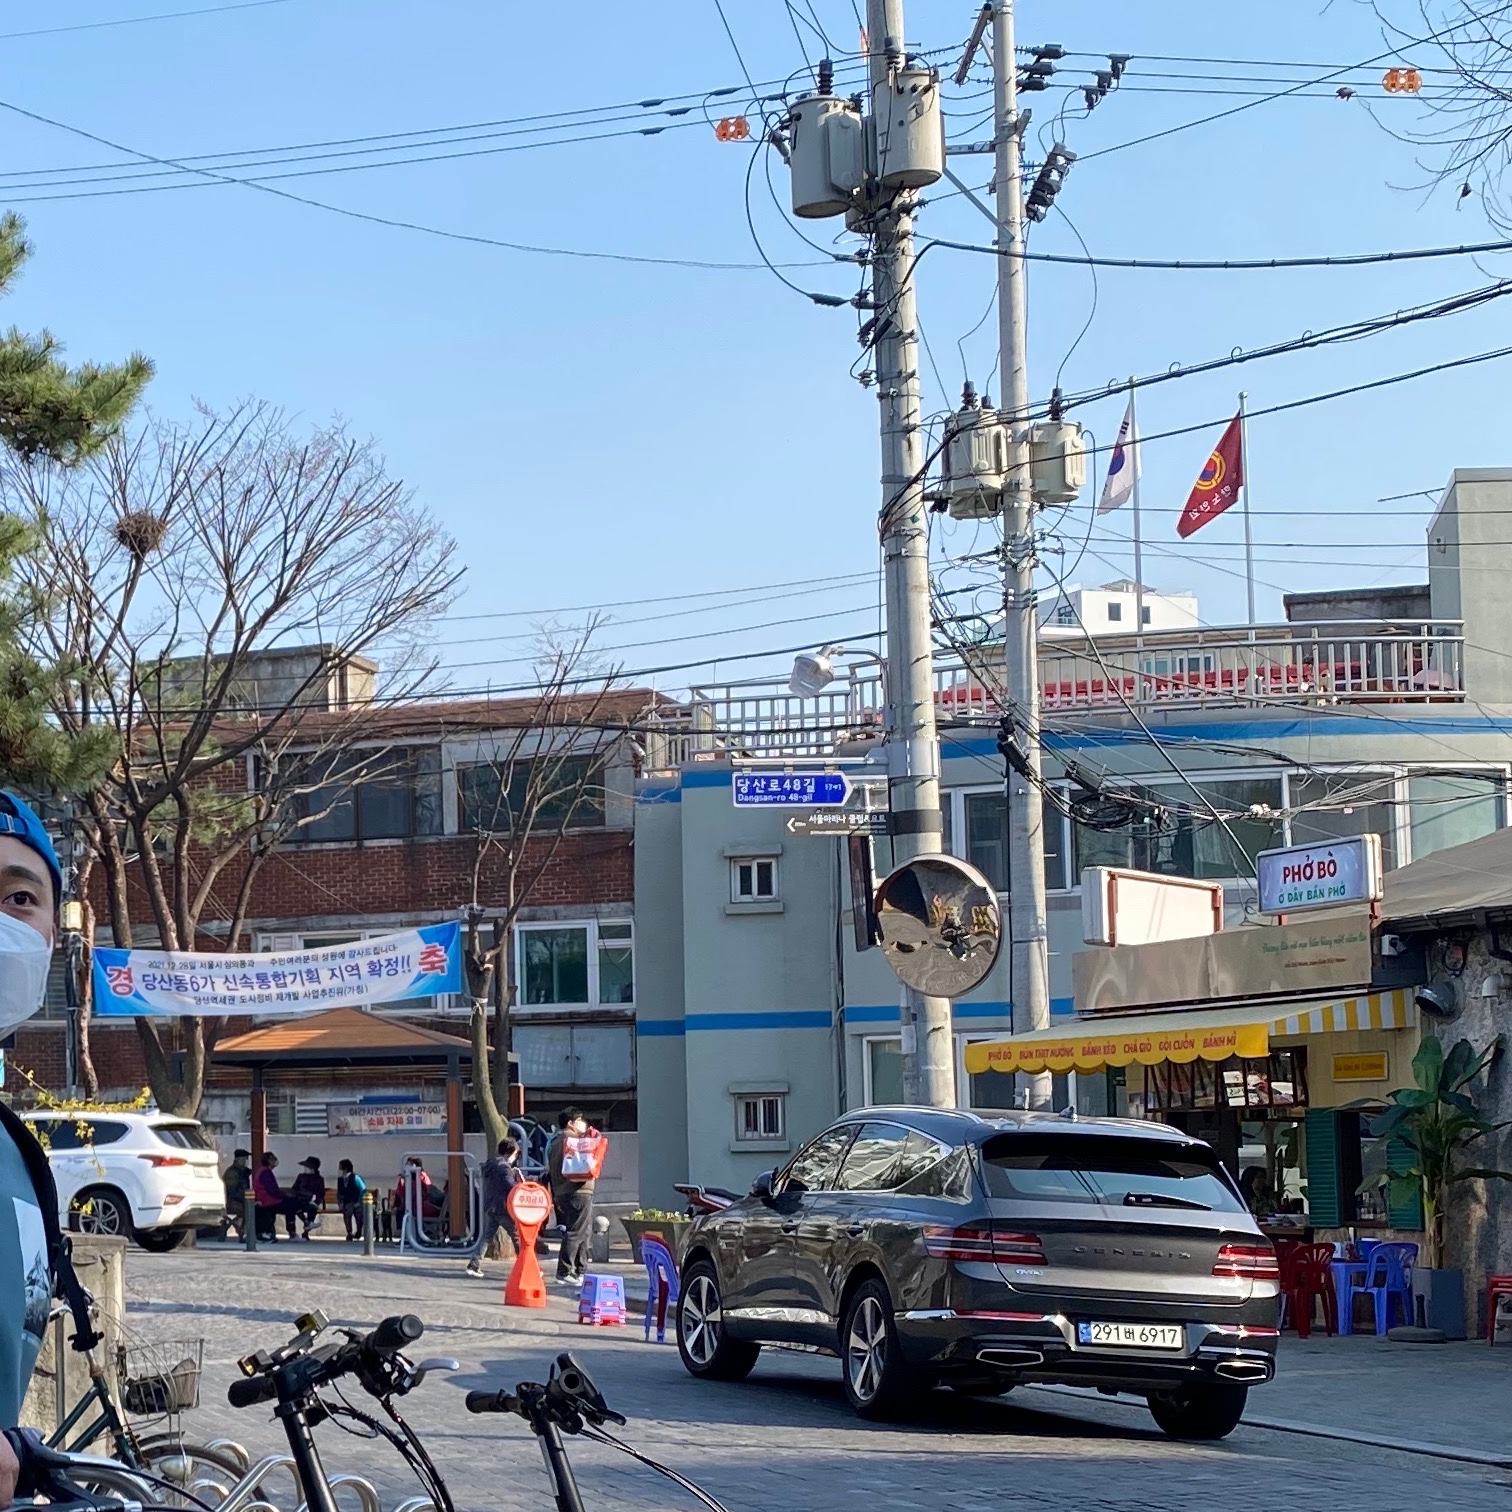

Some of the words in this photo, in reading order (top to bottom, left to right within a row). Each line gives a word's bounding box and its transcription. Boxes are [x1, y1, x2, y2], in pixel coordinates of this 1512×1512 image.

[737, 777, 816, 793] 당산로48길
[738, 793, 786, 803] Dangsan-ro
[788, 793, 813, 803] 48-gil
[1282, 854, 1314, 884] PHỞ
[199, 960, 222, 970] 서울시
[270, 954, 319, 967] 주민여러분의
[348, 944, 398, 960] 감사드립니다
[418, 943, 448, 974] 축
[108, 966, 134, 997] 경
[142, 973, 215, 992] 당산동6가
[223, 966, 321, 992] 신속통합기획
[328, 962, 361, 983] 지역
[239, 993, 273, 1004] 도시정비
[275, 990, 299, 1001] 재개발
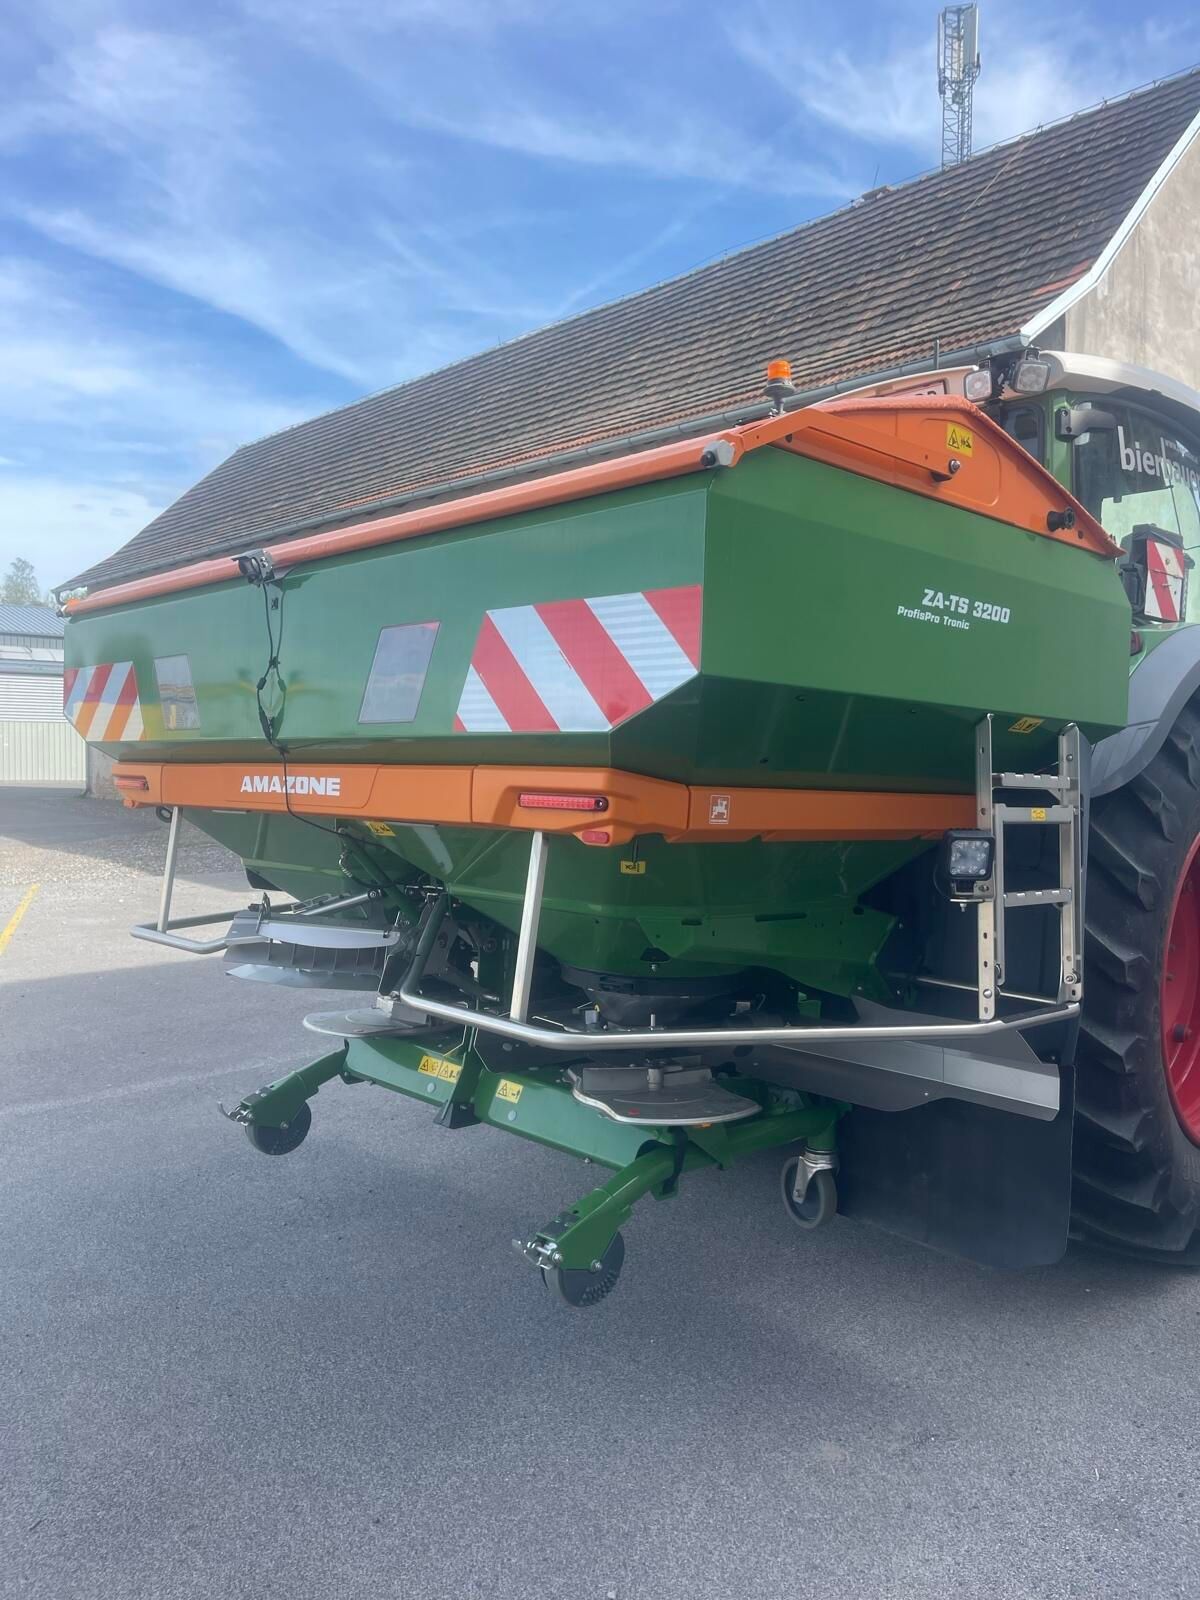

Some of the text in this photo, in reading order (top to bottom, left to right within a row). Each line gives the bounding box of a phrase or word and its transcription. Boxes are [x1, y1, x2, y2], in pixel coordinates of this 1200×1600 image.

[897, 605, 970, 630] ProfisPro Tronic
[922, 588, 1011, 624] ZA-TS 3200
[240, 775, 340, 796] AMAZONE
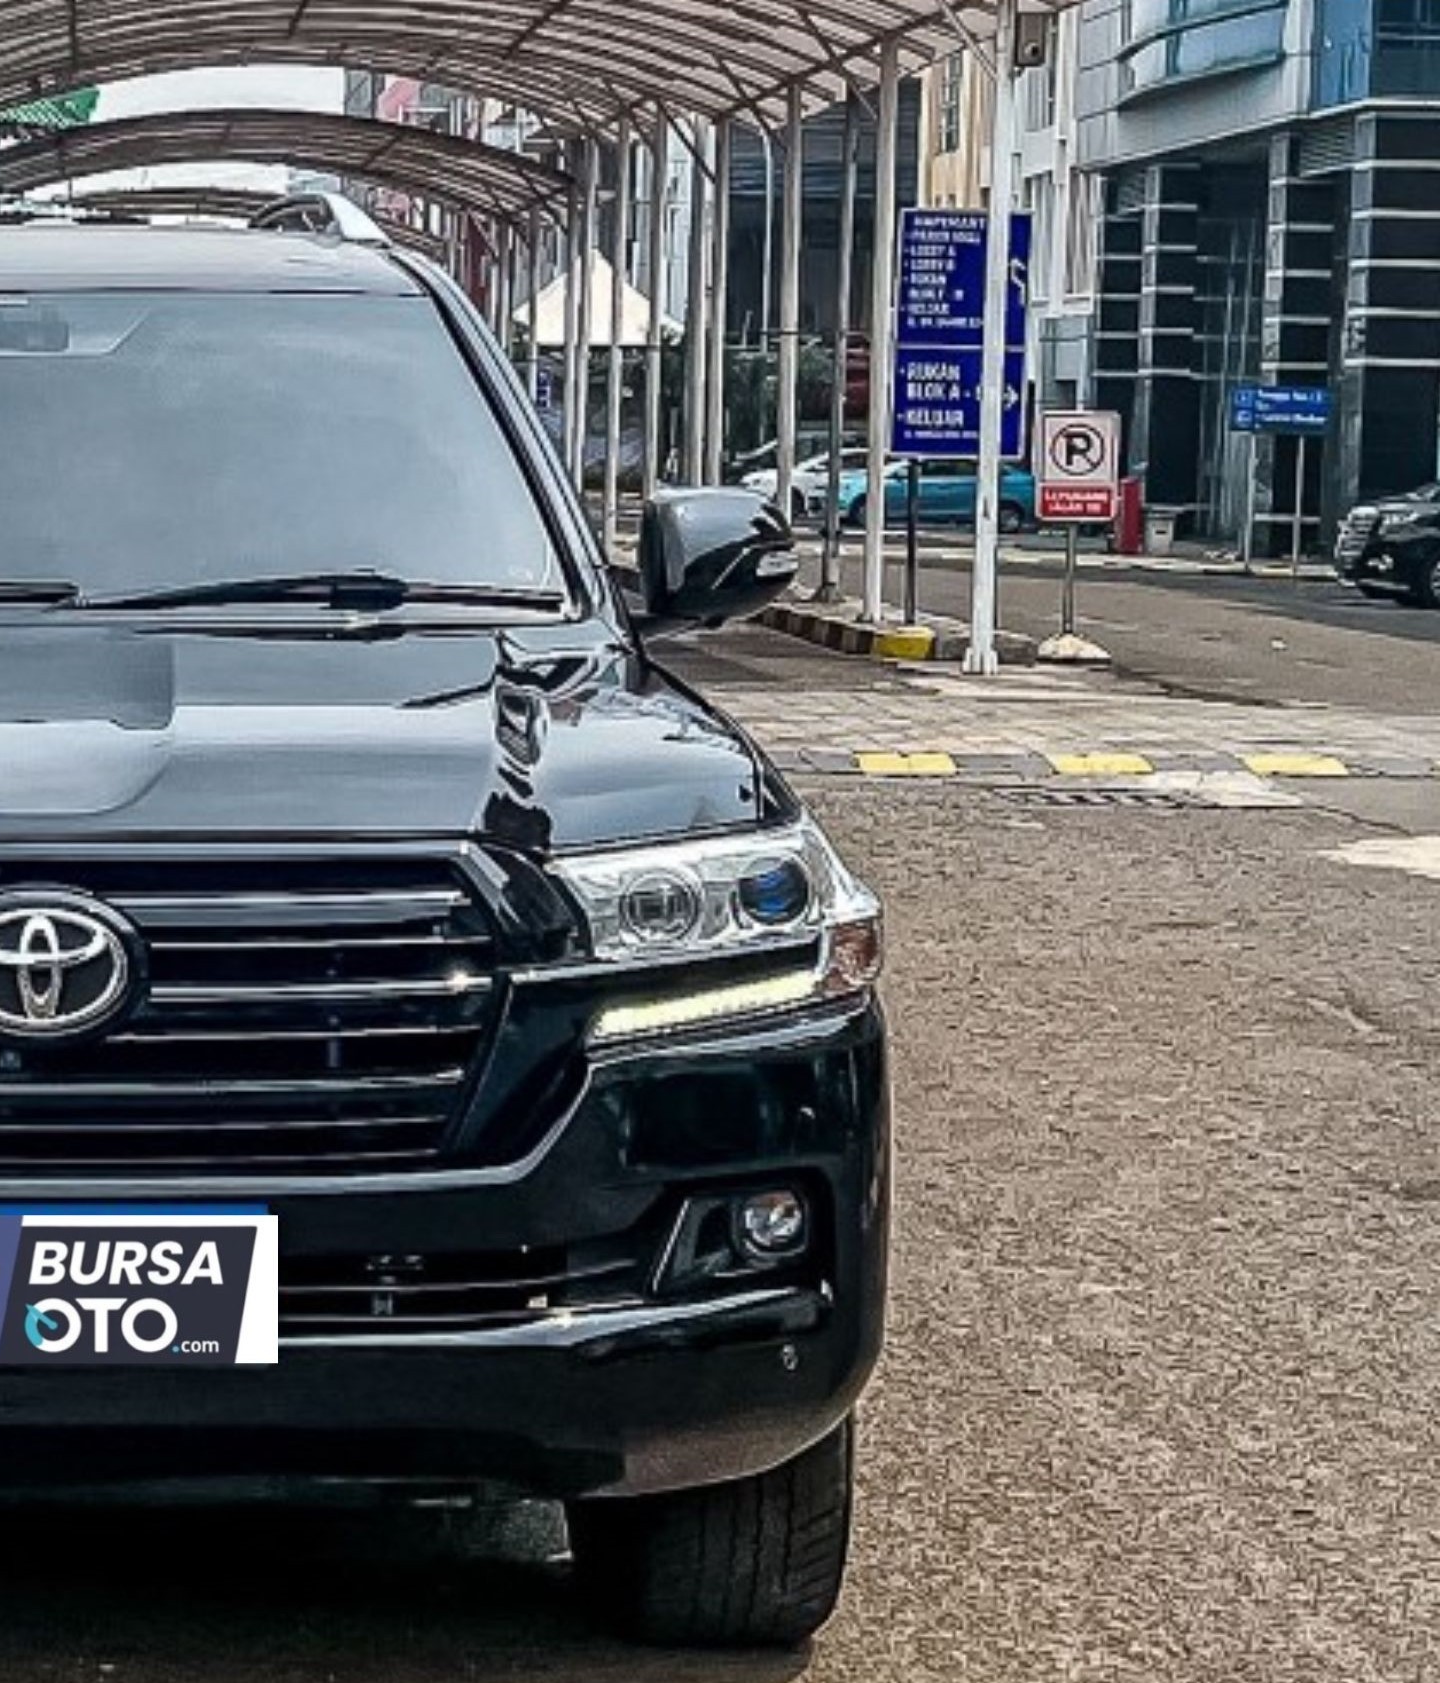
----
#### Problem details:
An exact reproduction of the material above is needed, without its pictures.

#### Task response:
Some of the words in this photo, in reading order (top to bottom, left to right within a row). Each line gives a word's bounding box and its transcription. Boxes are [x1, y1, x2, y2], in pixel coordinates of this 1512×1512 image.

[737, 777, 816, 793] 당산로48길
[738, 793, 786, 803] Dangsan-ro
[788, 793, 813, 803] 48-gil
[1282, 854, 1314, 884] PHỞ
[199, 960, 222, 970] 서울시
[270, 954, 319, 967] 주민여러분의
[348, 944, 398, 960] 감사드립니다
[418, 943, 448, 974] 축
[108, 966, 134, 997] 경
[142, 973, 215, 992] 당산동6가
[223, 966, 321, 992] 신속통합기획
[328, 962, 361, 983] 지역
[239, 993, 273, 1004] 도시정비
[275, 990, 299, 1001] 재개발

Some of the text in this photo, in reading order (top to bottom, left to right within a row). Each line gives the bounding box of a phrase or word and its transcription. Boxes are [x1, y1, x2, y2], in pixel coordinates of this 1200×1600 image.

[897, 605, 970, 630] ProfisPro Tronic
[922, 588, 1011, 624] ZA-TS 3200
[240, 775, 340, 796] AMAZONE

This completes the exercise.